Der Abstieg habe nicht erst jetzt begonnen und sei nicht von Corona ausgelöst worden, meinte auch Thomas Lippmann (DIE LINKE). Es sei ein erschütterndes Zeugnis, wie ein Land wie Deutschland sein wichtigstes Kapital verspiele. Für den Niedergang gebe es klare Gründe. Das Schulsystem sei nicht in der Lage, allen Schülern gleiche Chancen zu gewährleisten. Ein Problem sei die Personalausstattung, ein anderes die strukturelle Gliederung. Außer den Gymnasien könnten kaum noch Schulen den Anforderungen gerecht werden. Zwei Drittel der Schüler würden jedoch ihren Abschluss an Sekundar- und Förderschulen machen. Für diese Schulformen gebe es immer weniger Lehrer. Daher brauche es eine offene Debatte über diese Schulform.

„Schule kein Reparaturbetrieb für Gesellschaft“

Jörg Bernstein (FDP) stellt eine gewisse Form von „Gleichmacherei“ in der heutigen Schule fest. Zum nötigen Talent gehörten auch immer Fleiß und Disziplin, um erfolgreich zu sein.
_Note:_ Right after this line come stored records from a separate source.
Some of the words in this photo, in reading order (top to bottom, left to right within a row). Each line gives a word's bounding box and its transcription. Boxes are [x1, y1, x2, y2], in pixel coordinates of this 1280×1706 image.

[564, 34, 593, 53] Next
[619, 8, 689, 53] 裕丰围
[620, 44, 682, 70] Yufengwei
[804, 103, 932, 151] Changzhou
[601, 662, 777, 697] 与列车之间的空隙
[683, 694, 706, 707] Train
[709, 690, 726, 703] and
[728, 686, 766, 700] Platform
Ein günstiges sozio-ökonomisches Umfeld sei sicher hilfreich. Ein Fehlen dürfe aber nicht immer als alleinige Entschuldigung gelten. Es gelte immer noch der Spruch: „Jeder ist seines Glückes Schmied!“ Wichtig sei, dass Eltern ihren Kindern gute Vorbilder sein könnten, so der FDP-Abgeordnete. Außerdem werde heutzutage versucht, immer alles konsensmäßig auszuhandeln, es brauche aber auch klare Regeln und Hierarchien. Abschließend pflichtete er der Bildungsministerin bei: „Es ist nicht die Schule, die als Reparaturbetrieb für alle Probleme der Gesellschaft auftreten kann.“

Längeres gemeinsames Lernen bis Klasse 6

Der Aufschrei nach einer PISA-Studie sei jedes Jahr groß, leider folge daraus selten eine grundsätzliche Veränderung im Bildungssystem, stellte Susan Sziborra-Seidlitz (BÜNDNIS 90/DIE GRÜNEN) fest. In Estland, einem PISA-Spitzenreiter, würden die Kinder zum Beispiel von der Vorschule bis zur neunten Klasse gemeinsam beschult. Die Grünen-Abgeordnete schlussfolgerte, dass mindestens die Grundschulzeit bis zur sechsten Klasse verlängert werden sollte. Gemeinsames Lernen schade der Exzellenz nicht, sondern sie fördere diese sogar. Sziborra-Seidlitz sprach sich des Weiteren für die Förderung von Sprachkompetenz aus. PISA-Gewinner Irland hätte sich mutig verändert und damit Erfolg gehabt.

Am Ende der Aktuellen Debatte wurden naturgemäß keine Beschlüsse gefasst.